If your business is like most businesses that extend credit to their customers, you have probably defined a certain period of time that you allow late or delinquent accounts to sit on your books before you forward those accounts to a commercial debt collection agency. Most businesses determine which accounts to send to collections strictly based on that fixed timetable, but what if there was a better way?

Instead of using the same fixed time period for every account, what if you used a more flexible timetable that adjusted based on the level of risk each client represented to your business? If you could identify customers that represent a higher risk level and get those late or delinquent accounts to collections sooner, you would probably have a better chance of recouping the money owed to you than if you waited for the standard time period.

Advantages of This New Model 

When it comes to bad debt collection, it is no secret that time is money. Every day that passes makes the odds of ever collecting what you are owed exponentially worse. Any model that gets your delinquent accounts into the hands of a debt collector faster is surely going to increase the odds that you will actually be able to collect.

This concept will also improve your collection rates on your accounts that represent the most risk. That means that you will be able to recoup more money from the group of accounts that you were actually least likely to ever receive any type of payment from.

Defining Your Risky Customers 

 

In order to put this flexible timetable in place, you will need to have a way to define the level of risk that each of your customers represents. There are a number of ways that you can do this, and the best way for your business might be different from the best way for another business. You know your customers best, so take some time and think about which ones represent the biggest risk and how you could quantify that.

For many businesses, a good way to define the risk a customer represents would be to identify the number of times a customer is late making a scheduled payment. Customers that are consistently late on payments would clearly be riskier than customers that are always on time.

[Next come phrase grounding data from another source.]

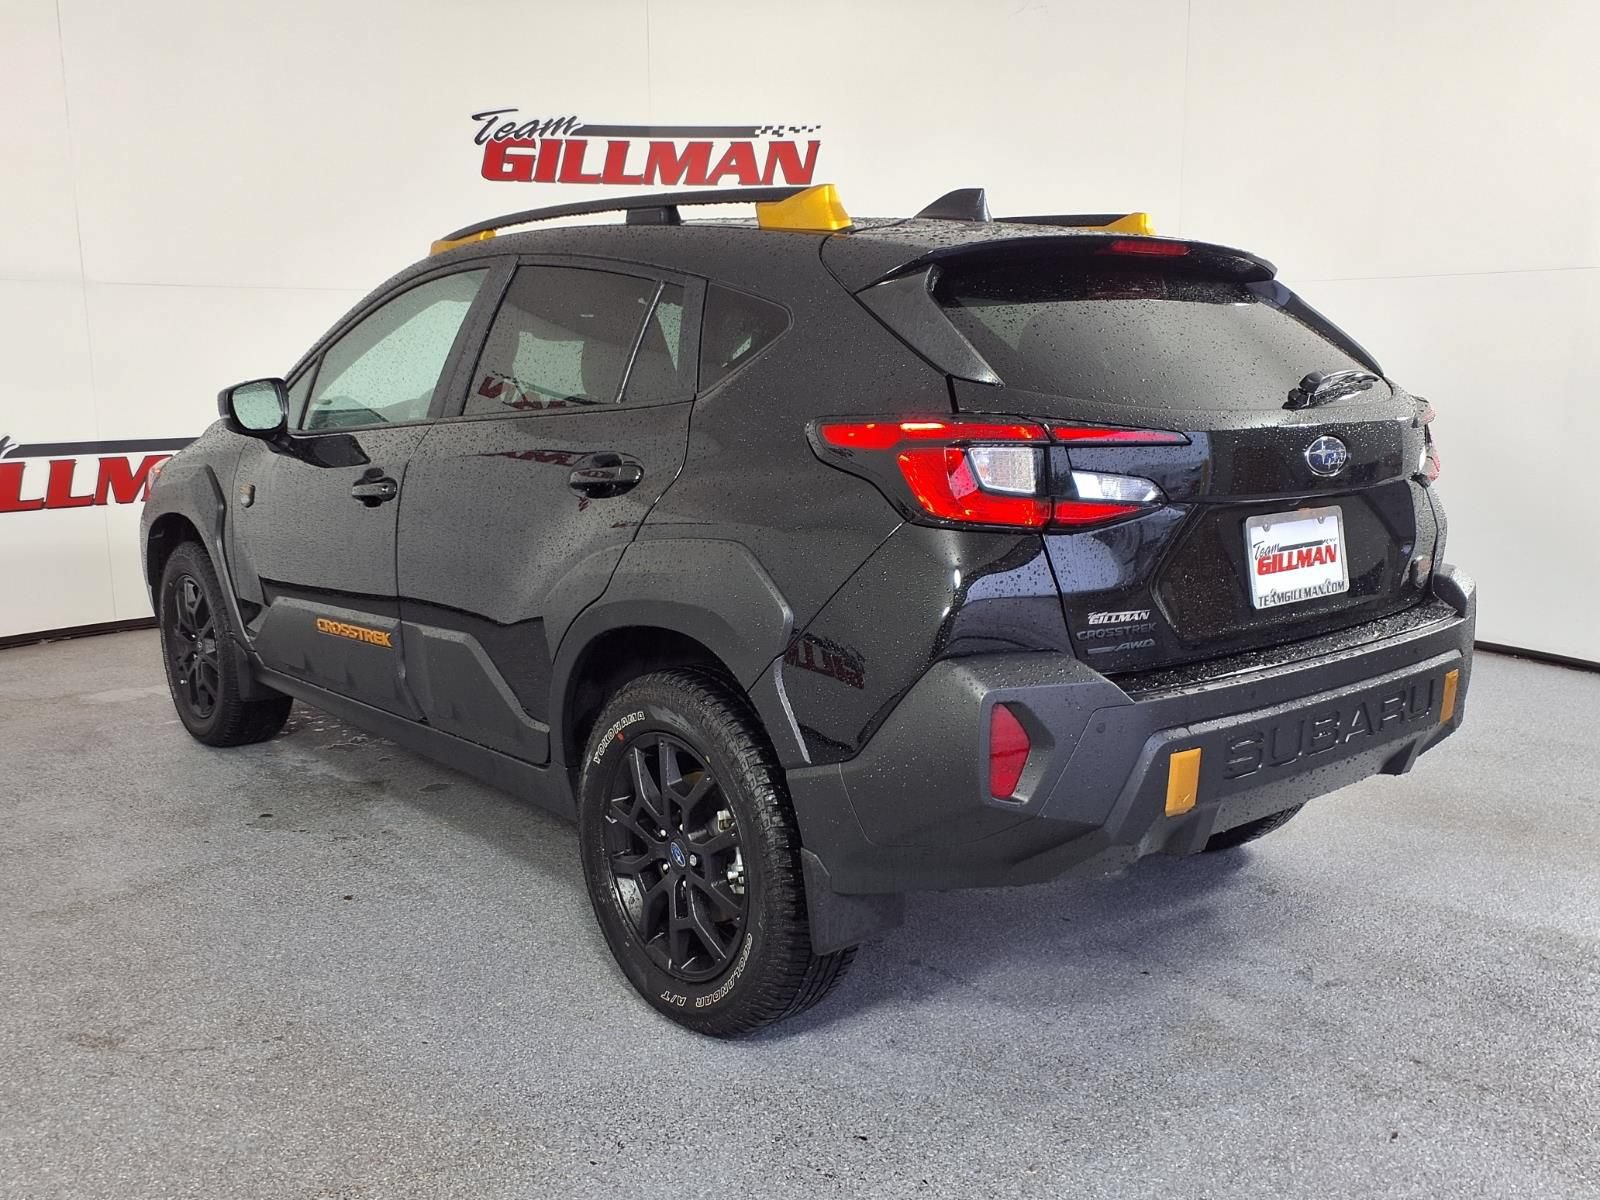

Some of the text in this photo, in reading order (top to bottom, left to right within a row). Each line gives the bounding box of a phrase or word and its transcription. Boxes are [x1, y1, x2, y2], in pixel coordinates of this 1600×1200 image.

[471, 108, 581, 145] Team
[481, 138, 821, 186] GILLMAN
[1253, 540, 1281, 560] Team
[1257, 543, 1337, 576] GILLMAN
[1258, 581, 1345, 607] TEAMGILLMAN.COM
[317, 618, 392, 648] CROSSTREK
[1076, 622, 1157, 641] CROSSTREK
[1089, 611, 1149, 625] GILLMAN
[1114, 638, 1156, 652] AWD
[593, 711, 646, 765] YOKOHAMA
[1223, 678, 1436, 780] SUBARU
[660, 932, 753, 1008] GEOLANDAR A/T

Other signs that a customer might represent a higher level of risk would be making partial payments instead of the full scheduled amount, or customers who dispute their statements, your prices, or the quality of the product or service you delivered.

Automating the New Model 

Once you have defined how you plan to identify the level of risk a customer represents, you can then streamline your new model even further by automating it to make sure that your commercial debt collection agency received the account as soon as the account crosses the particular time threshold that applies to the customer.

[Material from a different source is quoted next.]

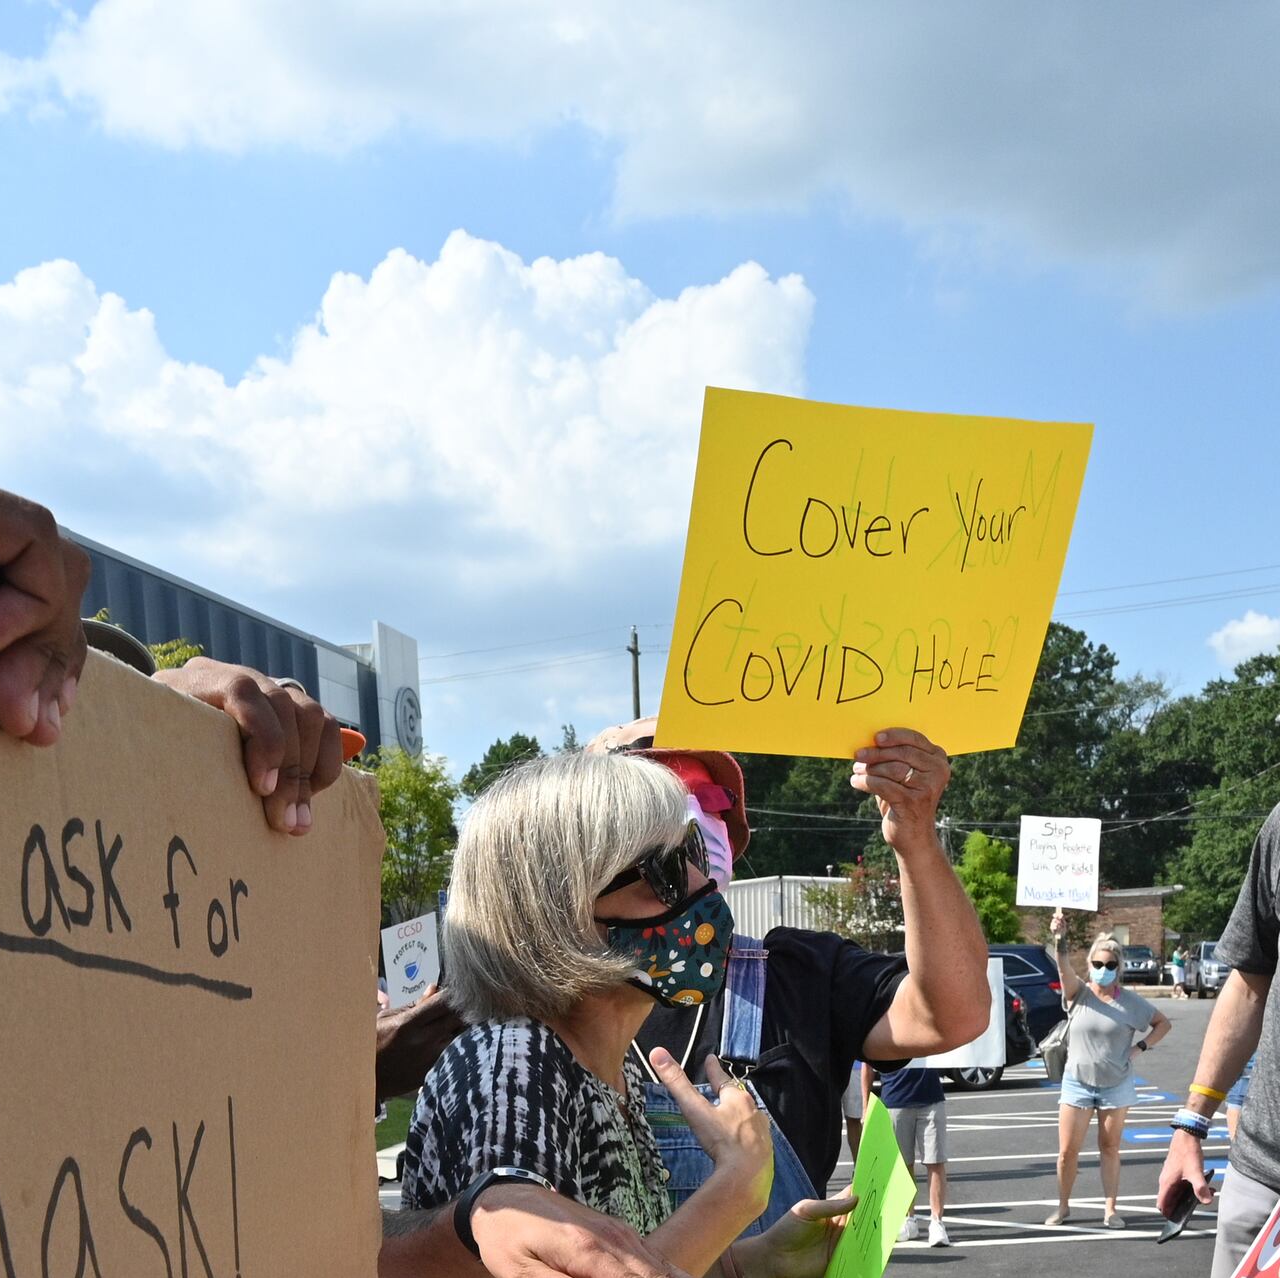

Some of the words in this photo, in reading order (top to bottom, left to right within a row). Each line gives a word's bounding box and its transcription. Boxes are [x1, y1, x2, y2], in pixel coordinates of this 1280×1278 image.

Whatever type of system you use to keep track of your accounts can almost certainly be configured to alert you on the exact day that an account crosses a predefined threshold, and you can probably set your software to automatically email all of the necessary information straight to your collection agency, completely removing you from the process.

Even if you don’t go all the way to the automated process, simply making sure that you get your accounts that represent the most risk to collections sooner will go along way towards improving your debt recovery process. At the end of the day, that means more money flowing back into your pockets.